Home Editorials Looking out for your health in 2020

Looking out for your health in 2020

by PRIDE Newsdesk

William T. Robinson, Jr.

We have laid to rest another year and are embracing a new year full of hope and possibilities. It would be insightful to immerse forward into 2020, a new decade with a positive and productive perspective. While many of us have made New Year resolutions that we may find difficult and impossible to bring to fruition, maybe it would be beneficial to adopt some practices that are realistically easy and attainable.

We all can attest that making concessions for individual improvement can be highly personal and private, but there is one resolution we all can embrace. It can be beneficial for all involved. This resolution is to work more assiduously to monitor and improve our health. This is important because our health is probably the most important factor in dictating our social, physical, psychological, emotional, and spiritual well being.

A healthy body and mind are paramount to maintaining and manifesting a peace of mind that is instrumental in contributing to being the best you can be in all your daily endeavors. We all can work daily to improve our health—eat healthier, exercise more and make routine doctor visits to monitor our health. The older we become, the more necessary it is to be cognizant of interventions to offset or detect hereditary or environmental illness such as diabetes, high blood pressure, heart disease, strokes, and cancers (colon and prostrate among men and breast and cervical among women). Many African Americans have a higher propensity or predisposition to acquiring these diseases.

Being  more  mindful of one’s health is a factor too many of us take for granted until we are forced to acknowledge it or until chronic or permanent damage is done. We have been told time and time again by experts and stringent clinical studies that most illnesses or health related issues could be prevented through education, intervention. They may be treated successfully through early screening and diagnosis. But all too often the main culprit attributing to health problems is the victim themselves, refusing to acknowledge or seek treatment until absolutely necessary. By then, the problem sometimes has become exacerbated and can no longer be ignored. Sometimes it’s too late.

While ignoring or procrastinating about routine yearly physical examinations and needed visits to the doctor is prevalent among many older adults, this practice is more prevalent in the African American community. This is very ironic when you look at the myriad of health disparities more common in the African American community.

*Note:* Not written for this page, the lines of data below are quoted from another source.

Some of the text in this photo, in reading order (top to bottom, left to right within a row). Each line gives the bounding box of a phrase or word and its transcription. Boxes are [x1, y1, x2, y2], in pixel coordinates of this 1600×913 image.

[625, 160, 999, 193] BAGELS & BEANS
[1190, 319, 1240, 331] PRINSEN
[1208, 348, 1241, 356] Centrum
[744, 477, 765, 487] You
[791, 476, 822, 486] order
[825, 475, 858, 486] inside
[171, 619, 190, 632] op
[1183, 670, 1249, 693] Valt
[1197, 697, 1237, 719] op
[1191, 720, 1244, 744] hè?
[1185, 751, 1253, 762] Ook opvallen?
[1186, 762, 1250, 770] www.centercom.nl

Blacks may be hesitant or leery about not trusting the medical community because of documented study cases showing Blacks being used as guinea pigs in clandestine government sponsor research projects (such as the Tuskegee Project in which 600 Black men were unknowingly injected with syphilis and monitored and studied untreated for years. Other extenuating factors that may hinder Blacks from doctor visits include inadequate access to care and lack of cultural sensitivity. Regardless of personal feelings, Blacks must not let past or occurring practices play a part in contributing to their lack of health attention leading to premature death.

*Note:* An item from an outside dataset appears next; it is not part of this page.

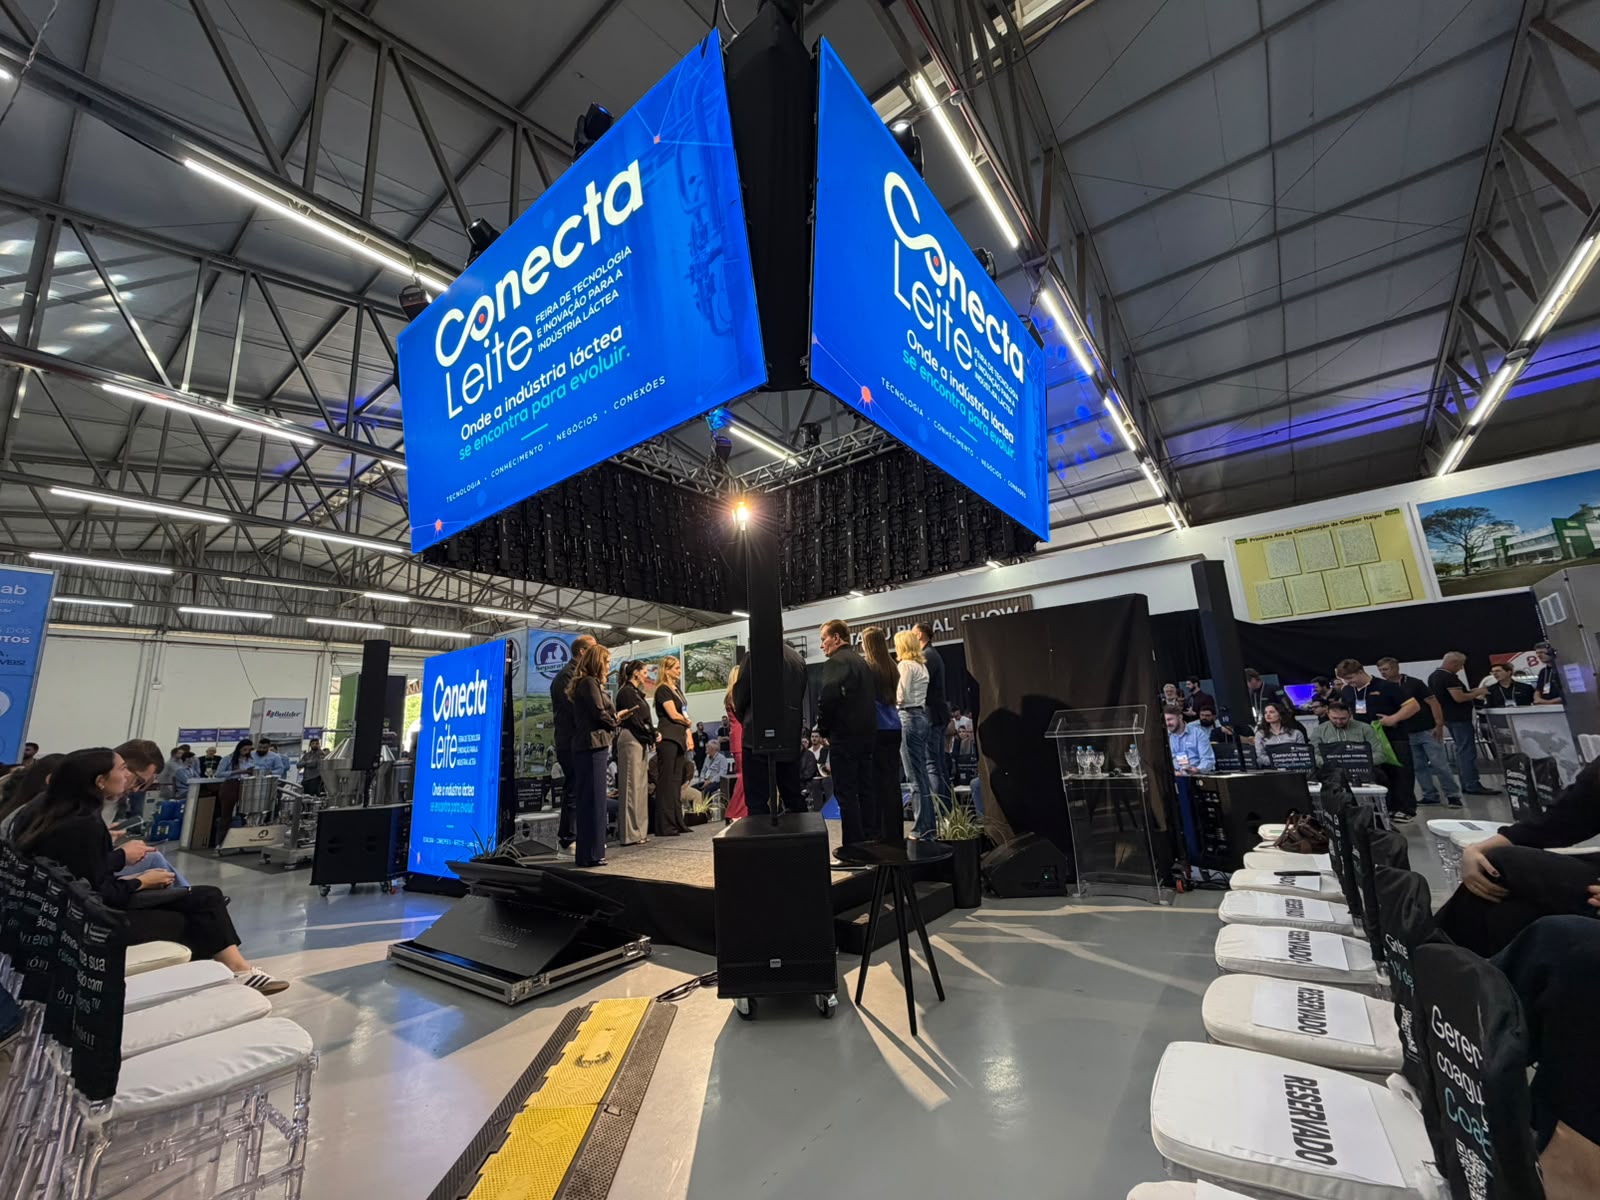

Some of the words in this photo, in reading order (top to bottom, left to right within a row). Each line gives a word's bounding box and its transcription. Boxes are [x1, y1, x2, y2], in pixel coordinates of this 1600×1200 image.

While African Americans comprise approximately 14% of this country’s population, some studies show that Blacks have more asthma than any other ethnic group, and suffer three times more from sarcoidosis than their White counterparts. Black American children are three times more likely than White children to suffer from sleep apnea. Blacks must also address and tackle mental health issues from depression, anxiety and drug abuse that are prevalent in the Black community.

Going into 2020, we must take control of our physical, mental, psychological and emotional destiny by taking a more responsible position in monitoring and maintaining our health. Eating healthier, exercising  more, early screening and doctor visits (when in doubt) can  contribute to lengthening your life. The concessions we make depend on the individual, but it is a quest we all can work on to make 2020 a more healthy and productive year. Let’s dedicate 2020 to collectively improving our health.